The mutant cells also exhibited defective repair of DNA damage after UV irradiation. Deoxynucleotides participate in NER only toward the end of the process, after excision of the damaged sites. The early steps involving recognition and removal of the cross-links in the damaged DNA functioned normally in the quiescent mutant cells (Fig. 3); however, the later steps requiring the participation of dNTPs were delayed, and the damage was more extensive and persistent. This delay was evident in the FADU experiments when the irradiated mutant cells contain more single-stranded DNA after alkaline treatment and required more time to reseal the nicked DNA. The addition of deoxynucleosides had a beneficial effect and favored repair. Particularly remarkable are the divergent results seen after the addition of GdR + CdR or GdR alone. The combination of the deoxynucleosides normalized the dCTP and dGTP pools (Table 1) and improved DNA repair. GdR alone increased the dGTP pool but decreased the dCTP pool, resulting in delayed repair. Such a close correlation between the size of the dCTP pool and the cellular ability to repair DNA is strong evidence for a causal relation between the two parameters.

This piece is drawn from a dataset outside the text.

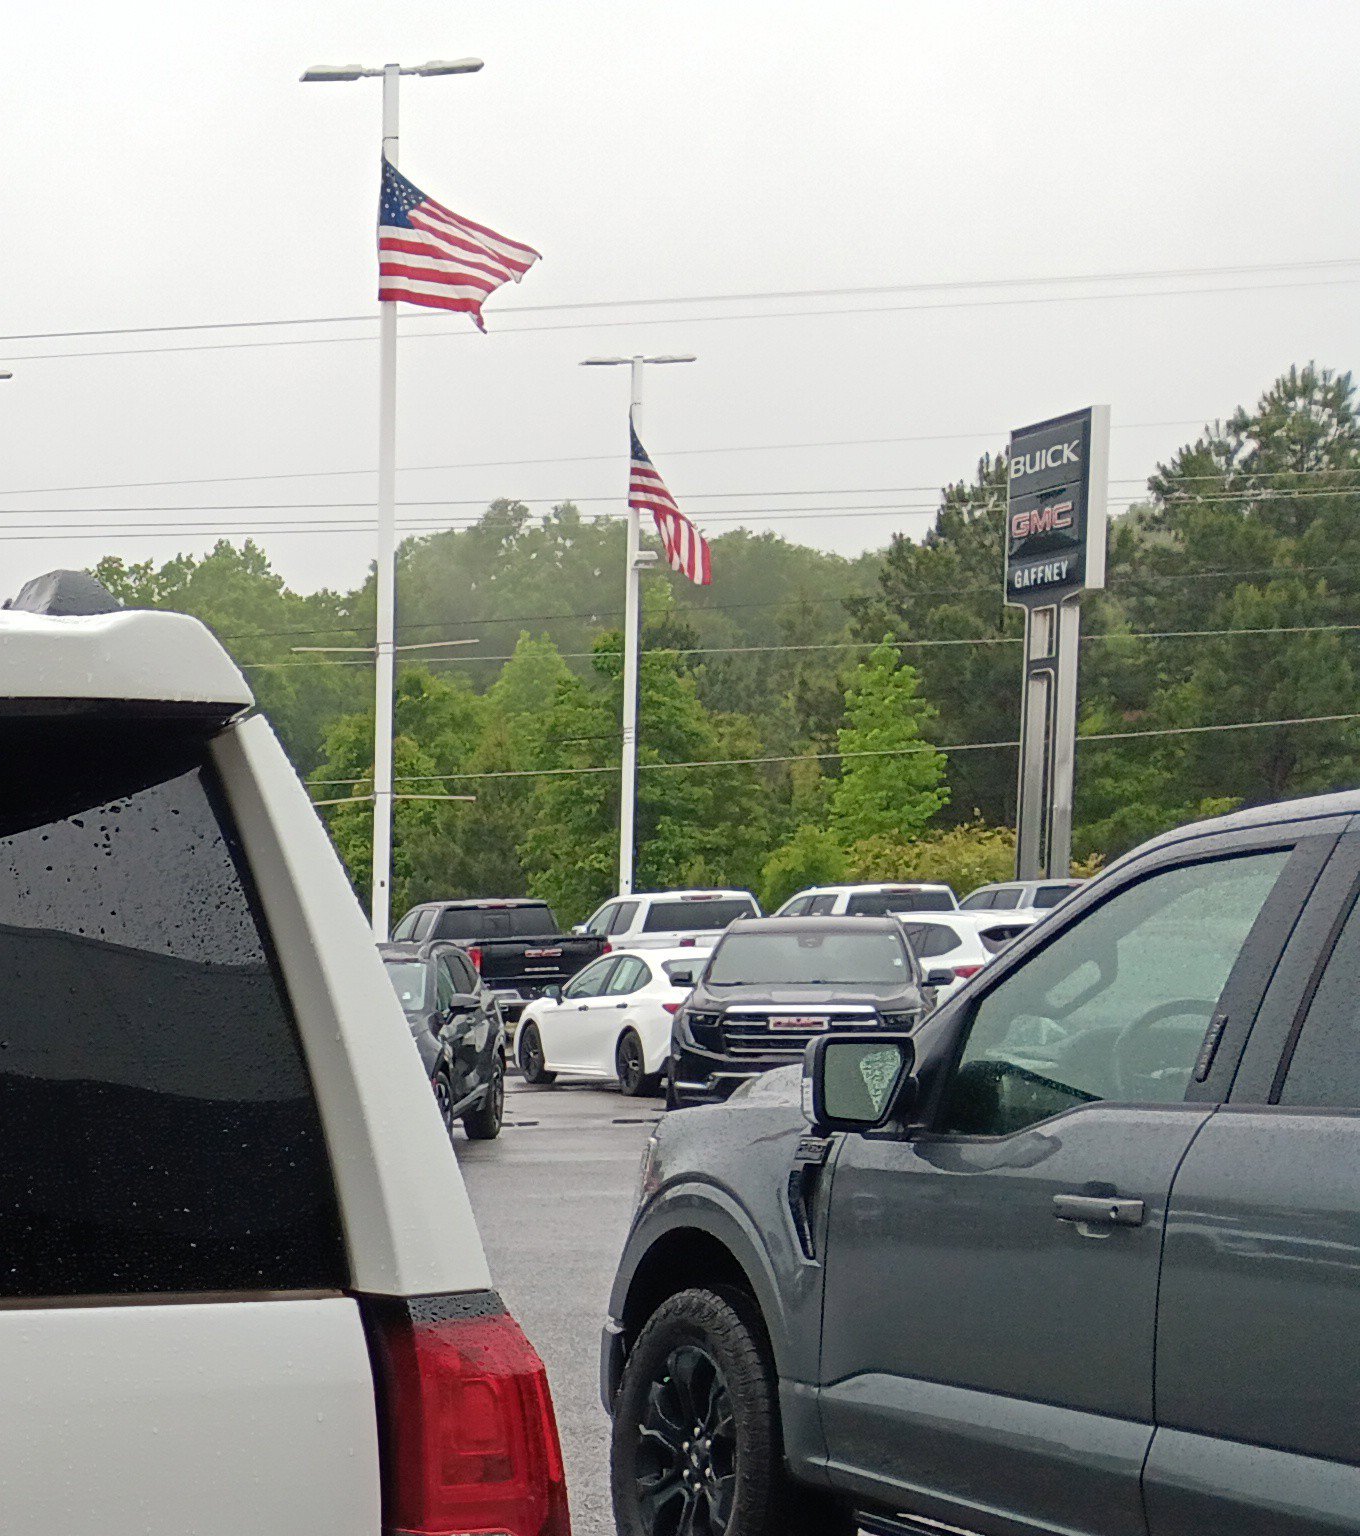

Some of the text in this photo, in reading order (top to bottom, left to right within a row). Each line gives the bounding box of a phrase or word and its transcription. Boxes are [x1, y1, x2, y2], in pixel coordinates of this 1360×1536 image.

[1010, 439, 1080, 479] BUICK
[1012, 501, 1074, 539] GMC
[1014, 560, 1069, 589] GAFFNEY

Surprisingly, the mutant cells required a different constellation of deoxynucleosides for mtDNA maintenance (AdR + CdR + GdR) and DNA repair (CdR + GdR). Given that the pool differences between mutant and control fibroblasts concern mainly dCTP and dGTP, we did not expect to see a requirement for AdR. However, considering that CdR is a precursor of both pyrimidine dNTPs via the conversion of dCMP to dTMP, whereas GdR feeds only the dGTP pool, we reasoned that adding AdR to the deoxynucleoside mix would create a condition favoring the synthesis of all four DNA precursors. The main effect of AdR was a twofold to threefold increase in dATP and concomitant similar decreases in the dCTP and dGTP pool expansions caused by the presence of CdR and GdR (Fig. 1C). The dTTP pool was also decreased by the addition of AdR. Thus, AdR provokes a large disturbance of the balance between dNTP pools. An important consideration in relation to the different requirements for deoxynucleosides to support mtDNA reexpansion and nuclear DNA repair is that different DNA polymerases are involved in the two processes.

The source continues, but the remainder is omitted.